→ Assignment: Give the records below again in full, exactly as written, but without any images.

= = = = =

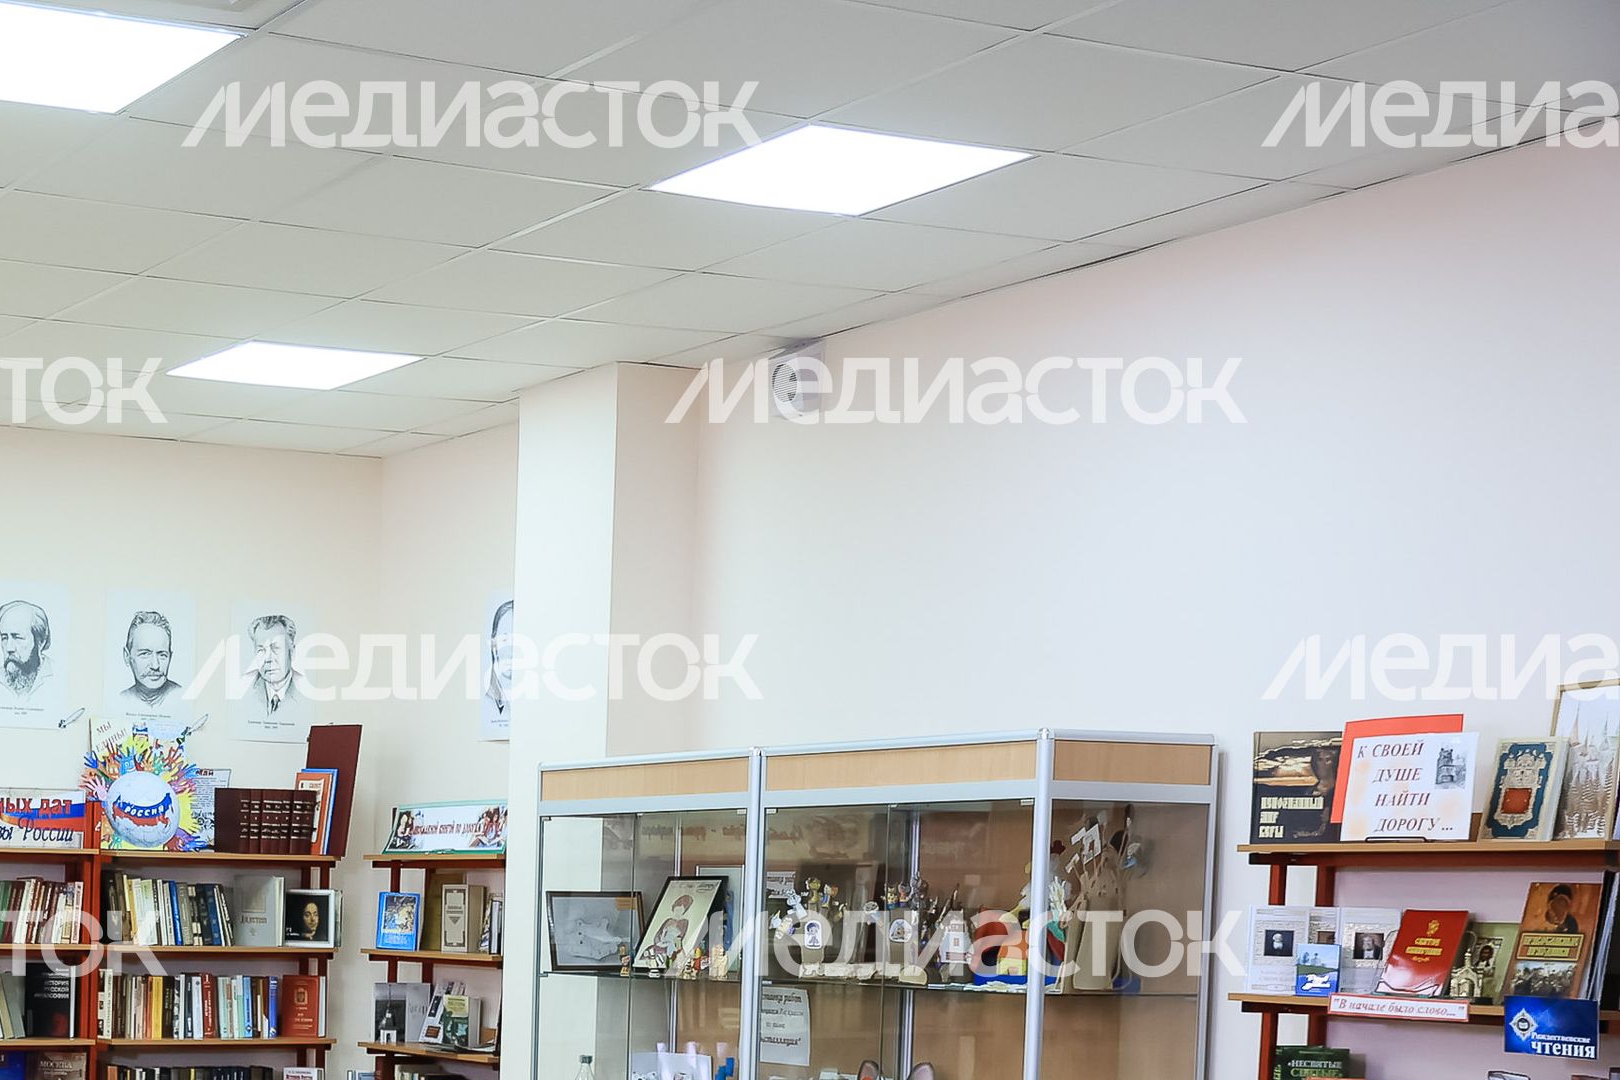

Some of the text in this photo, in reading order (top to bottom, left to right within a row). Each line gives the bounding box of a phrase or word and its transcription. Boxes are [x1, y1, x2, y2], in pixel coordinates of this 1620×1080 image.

[96, 721, 111, 734] МЫ
[1357, 739, 1425, 758] К СВОЕЙ
[1372, 767, 1423, 783] ДУШЕ
[39, 798, 72, 816] дат
[1375, 790, 1431, 807] НАЙТИ
[19, 814, 74, 842] России
[1373, 817, 1441, 833] ДОРОГУ
[1349, 1002, 1385, 1011] начале
[1388, 1002, 1414, 1013] было
[1531, 1041, 1595, 1059] чтения

= = = = =

→ Exercise output:
Some of the text in this photo, in reading order (top to bottom, left to right within a row). Each line gives the bounding box of a phrase or word and its transcription. Boxes are [x1, y1, x2, y2], in pixel coordinates of this 1620×1080 image.

[96, 721, 111, 734] МЫ
[1357, 739, 1425, 758] К СВОЕЙ
[1372, 767, 1423, 783] ДУШЕ
[39, 798, 72, 816] дат
[1375, 790, 1431, 807] НАЙТИ
[19, 814, 74, 842] России
[1373, 817, 1441, 833] ДОРОГУ
[1349, 1002, 1385, 1011] начале
[1388, 1002, 1414, 1013] было
[1531, 1041, 1595, 1059] чтения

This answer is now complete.